Feb 23, 2011 14:59 GMT  ·  By

In a surprising move, considering its past actions, or rather inactions, Google has gotten involved with a lawsuit concerning BitTorrent search engines. isoHunt has been entangled in a lawsuit brought against it by the movie industry for half a decade now. But Google has only now offered its official opinion on the matter.

Unfortunately for isoHunt, Google is not coming to the rescue, quite from it, but it does try to get some rulings changed to help its own case against Viacom.

IsoHunt, at one time one of the biggest BitTorrent search engines out there, was taken to court by a number of Hollywood movie studios for copyright infringement and 'inducing' copyright infringement.

The court eventually found isoHunt guilty and ordered it to implement a wide filter in the US, preventing users from searching for certain terms chosen by the studios.

IsoHunt filed an appeal, arguing that the order amounts to nothing less than censorship. Key to isoHunt's and other search engines' defense was the fact that they operated similarly to Google, indexing and aggregating content and enabling users to sift through it by retrieving relevant results.

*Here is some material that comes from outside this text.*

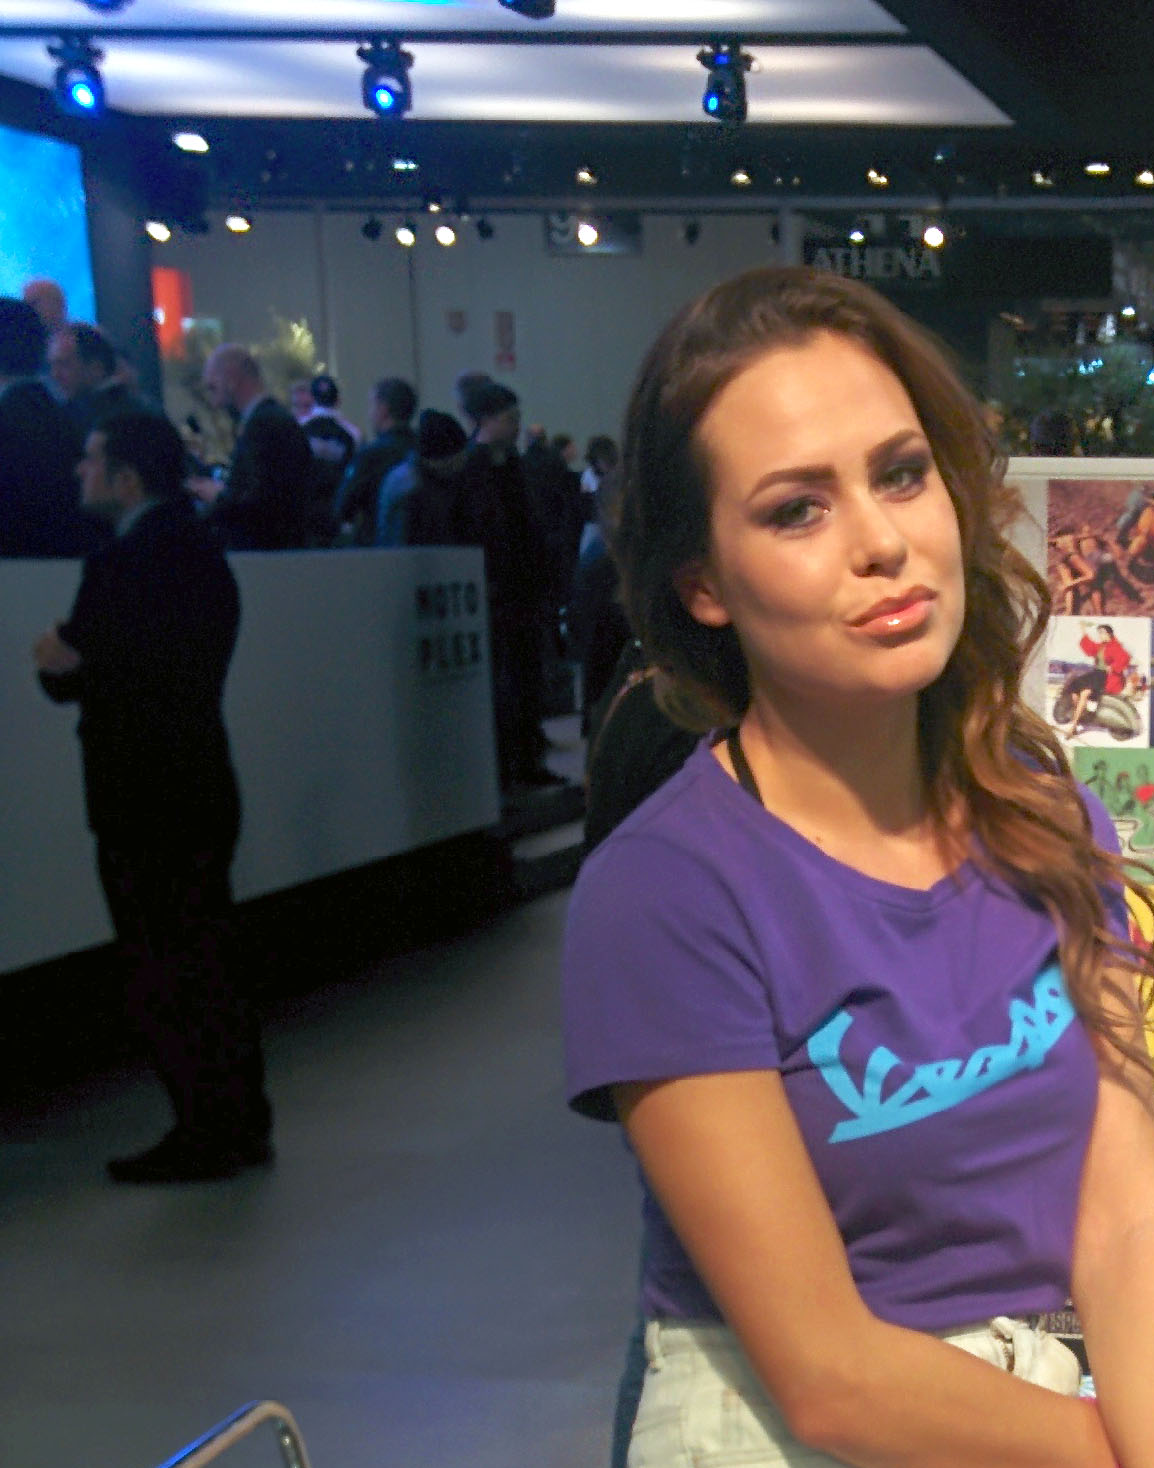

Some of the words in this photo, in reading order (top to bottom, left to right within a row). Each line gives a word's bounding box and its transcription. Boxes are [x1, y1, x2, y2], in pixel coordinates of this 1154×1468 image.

[813, 248, 942, 277] ATHENA
[416, 582, 479, 618] MOTO
[419, 631, 481, 669] PLEX
[807, 963, 1077, 1144] Vespa

No actual copyright infringement happens on the BitTorrent search sites.

But Google has stayed away from these lawsuits, it has enough problems of its own. While, in principle, these search engines operate much like Google, the company didn't want to be associated with the stigma.

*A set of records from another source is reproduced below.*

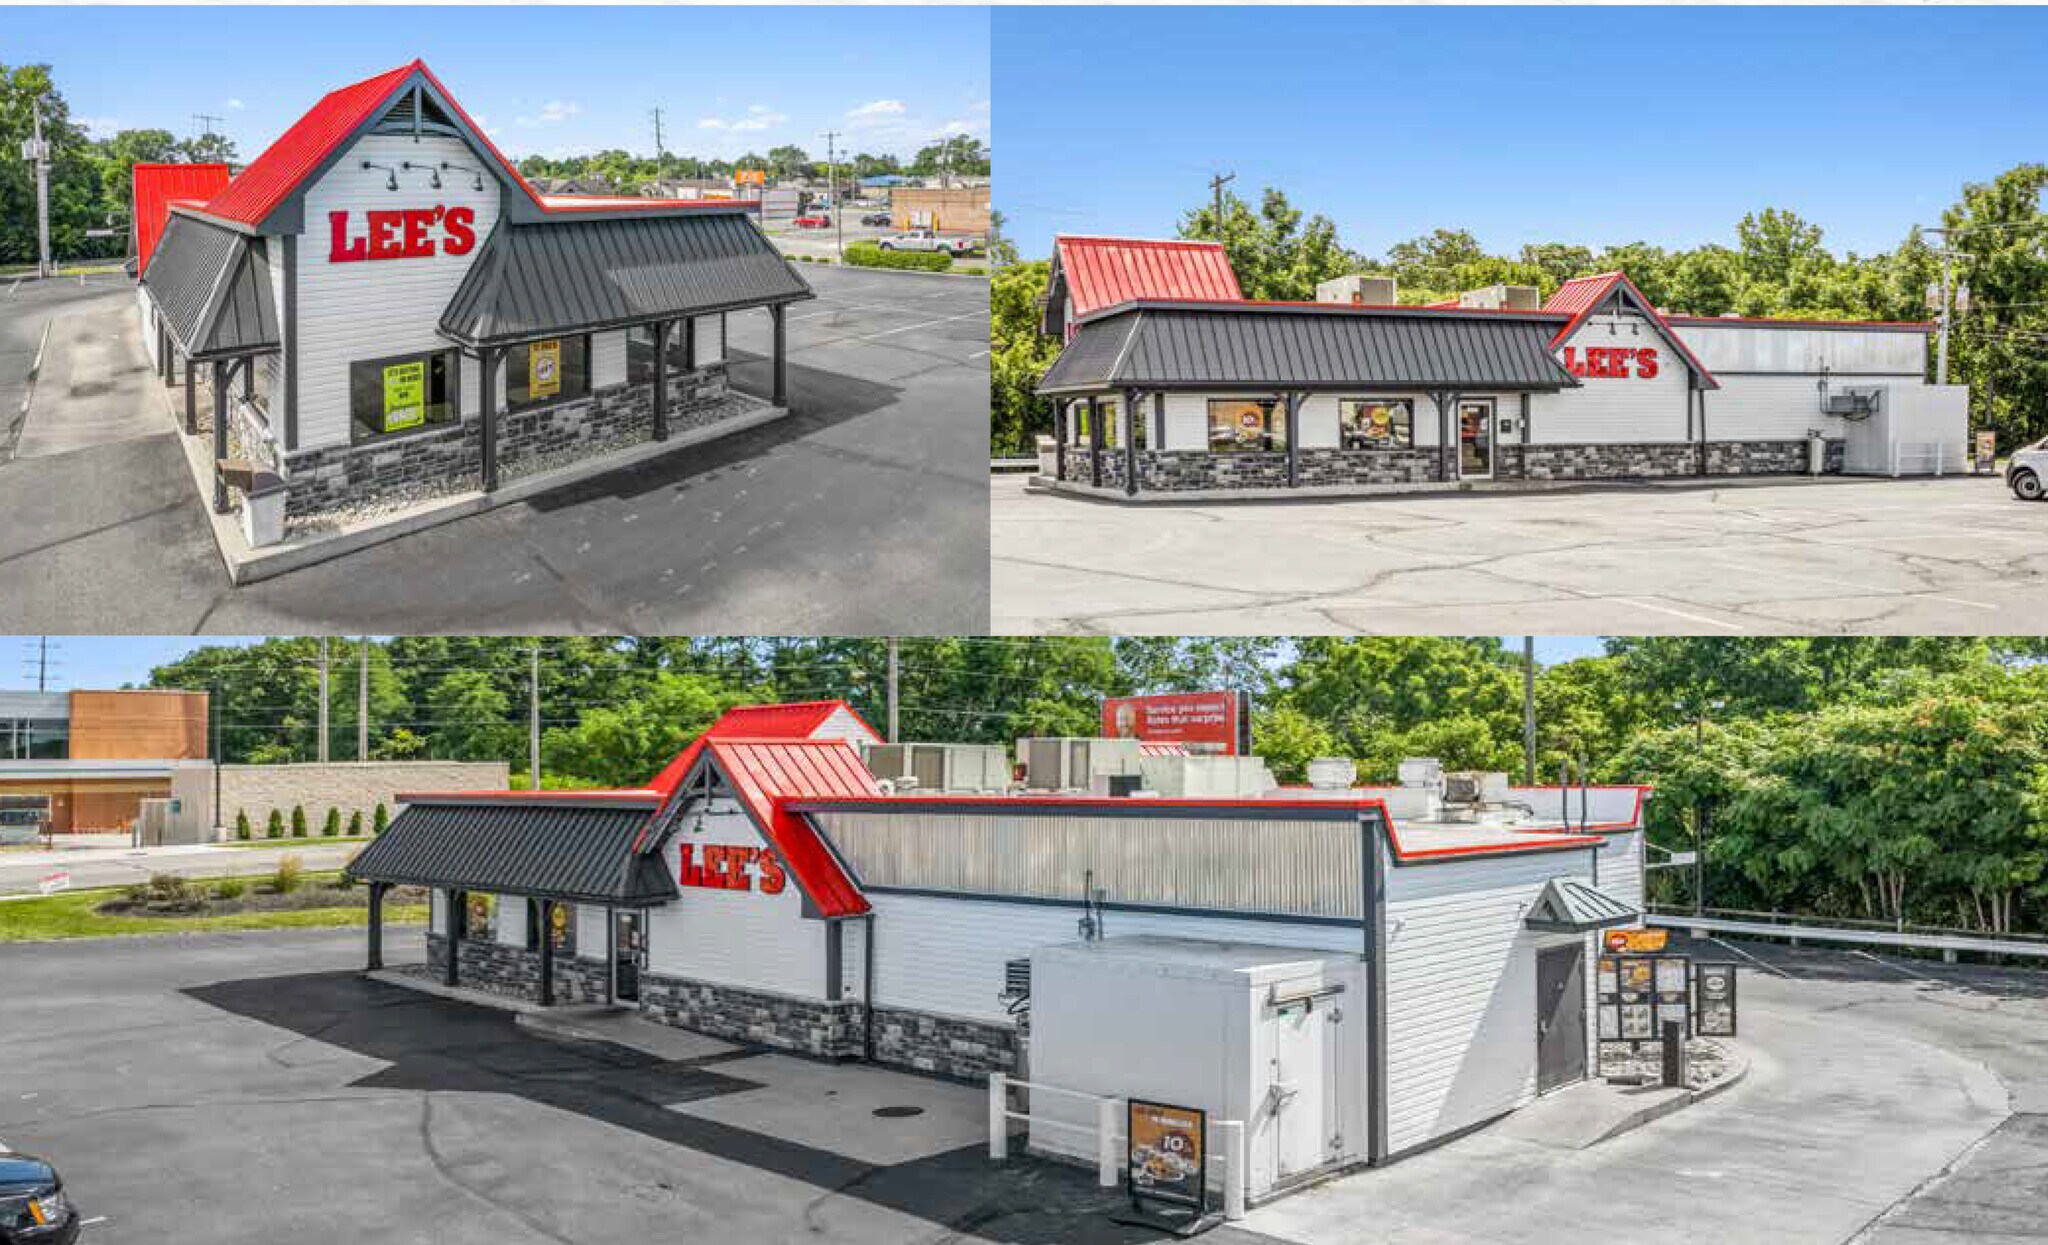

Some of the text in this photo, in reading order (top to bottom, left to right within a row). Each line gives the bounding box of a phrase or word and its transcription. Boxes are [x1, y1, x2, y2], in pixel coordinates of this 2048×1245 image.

[329, 205, 476, 263] LEE'S
[1564, 347, 1658, 378] LEE'S
[680, 844, 786, 894] LEE'S
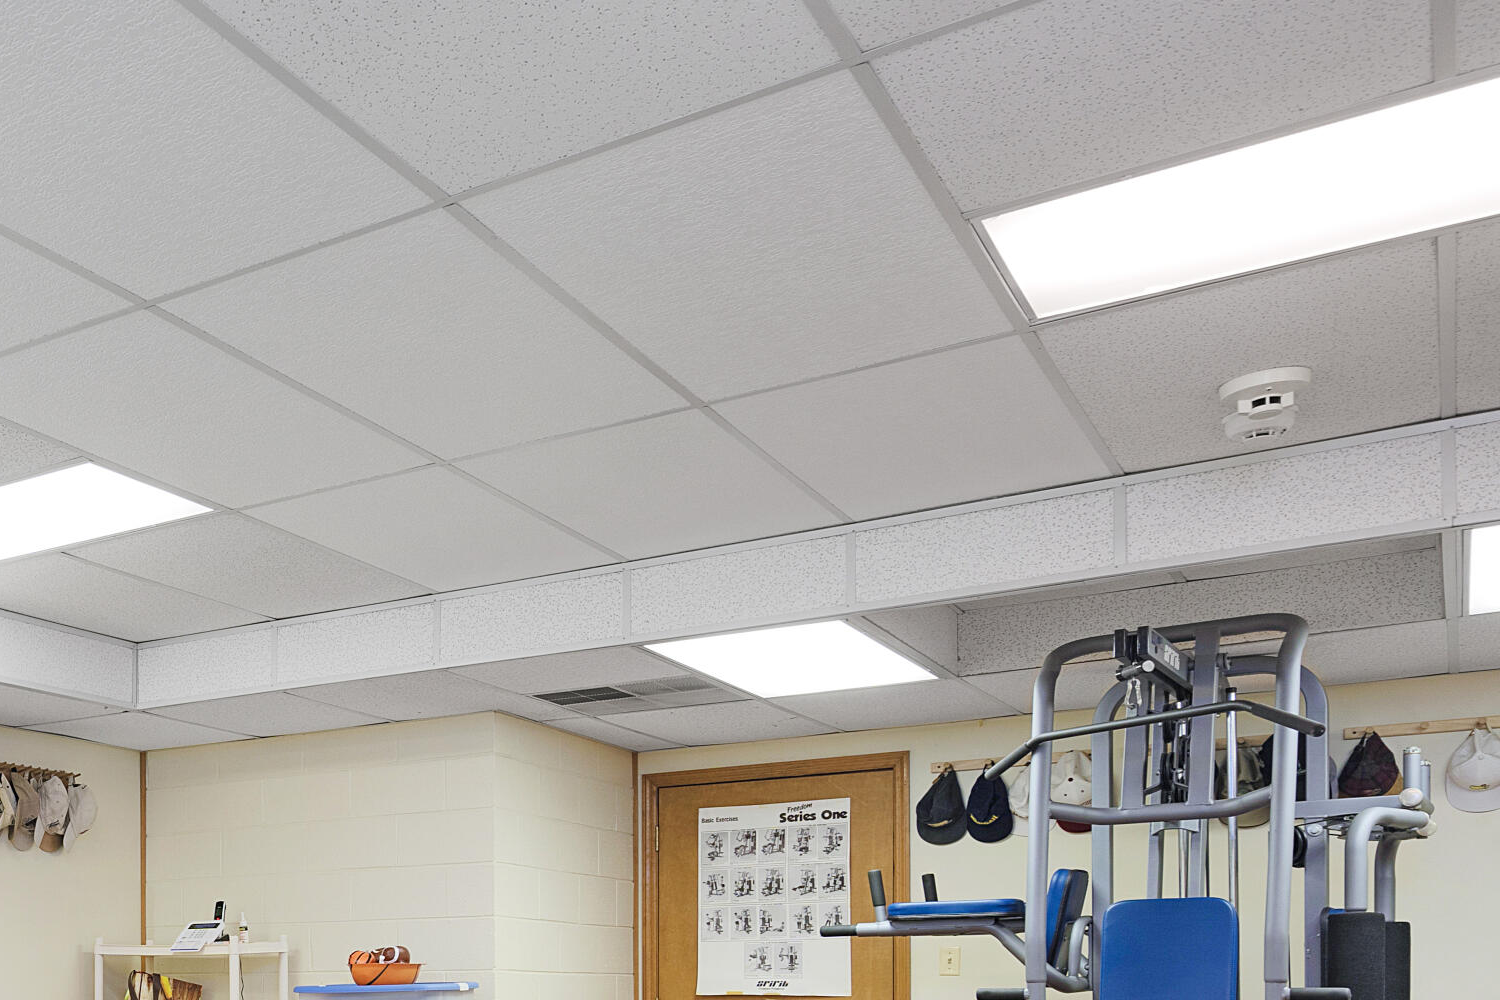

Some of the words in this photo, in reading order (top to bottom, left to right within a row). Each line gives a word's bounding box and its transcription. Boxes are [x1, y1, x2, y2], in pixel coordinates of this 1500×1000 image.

[787, 802, 813, 813] Freedom
[779, 811, 817, 823] Series
[821, 809, 848, 820] One

Considering that it recently started censoring its own search suggestions for words like "bittorrent" and similar terms 'associated' with piracy, it's no big surprise that Google wants to get as far away from this as possible.

But it has intervened in this case filing an amicus brief. The company is not involved directly in the case, but the ruling could affect it's own legal struggles.

Google pretty much throws isoHunt under the bus, agreeing that what the site is doing is illegal. However it has an issue with the way the court reached this conclusion.

One of the things that it argues against is that isoHunt is liable for the links to torrent files on its site even if it didn't receive a specific DMCA takedown notice for a particular piece of content. The court decided that the site is guilty because it 'knew' copyright infringement was taking place, in general.

What Google is trying to establish is have the court say that, as long as a service complies with the DMCA, it's in the clear. This could be a solid defense for any of Google's products, but it comes especially handy in the Viacom versus YouTube case.

While YouTube has won the initial ruling, it did so because it complied with takedown notices. Viacom has appealed though and a precedent saying that a site could be held responsible if it 'knew' it handled infringing content, which YouTube did know, could spell trouble for Google.